*Directions*: Return the data that follows exactly as it appears. Pictures do not belong in the copy.

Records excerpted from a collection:

######

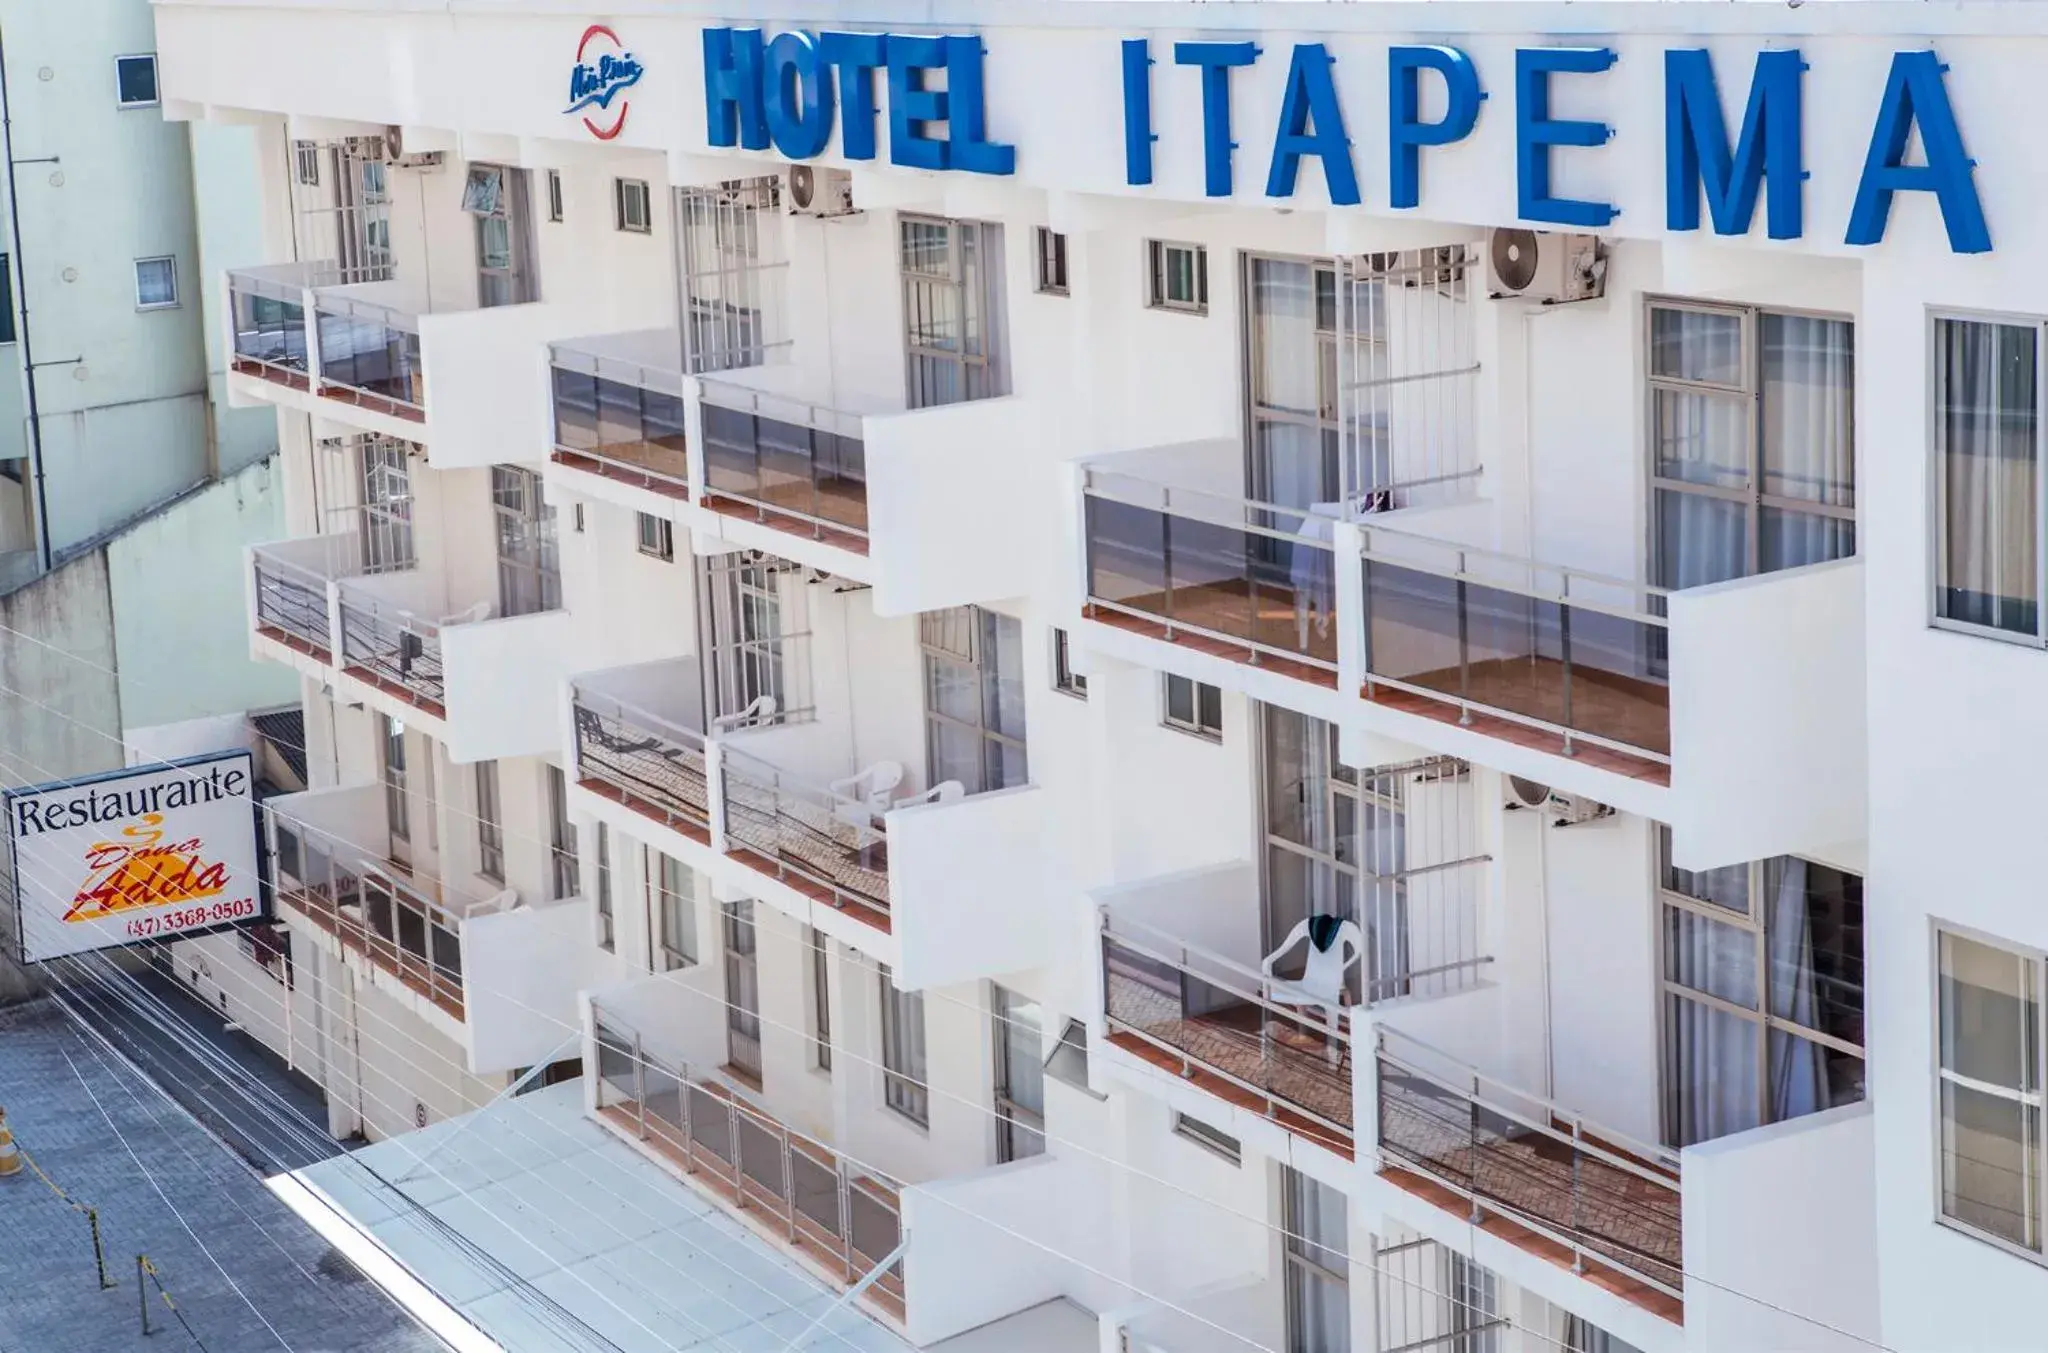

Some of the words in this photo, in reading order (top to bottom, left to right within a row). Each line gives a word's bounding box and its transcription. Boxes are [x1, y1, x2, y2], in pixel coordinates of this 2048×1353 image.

[702, 28, 1015, 175] HOTEL
[1122, 40, 1993, 254] ITAPEMA
[18, 767, 246, 837] Restaurante
[62, 855, 231, 922] Adda
[127, 918, 161, 938] (47)
[163, 898, 254, 931] 3368-0503

######

*Answer section*:
Some of the words in this photo, in reading order (top to bottom, left to right within a row). Each line gives a word's bounding box and its transcription. Boxes are [x1, y1, x2, y2], in pixel coordinates of this 2048×1353 image.

[702, 28, 1015, 175] HOTEL
[1122, 40, 1993, 254] ITAPEMA
[18, 767, 246, 837] Restaurante
[62, 855, 231, 922] Adda
[127, 918, 161, 938] (47)
[163, 898, 254, 931] 3368-0503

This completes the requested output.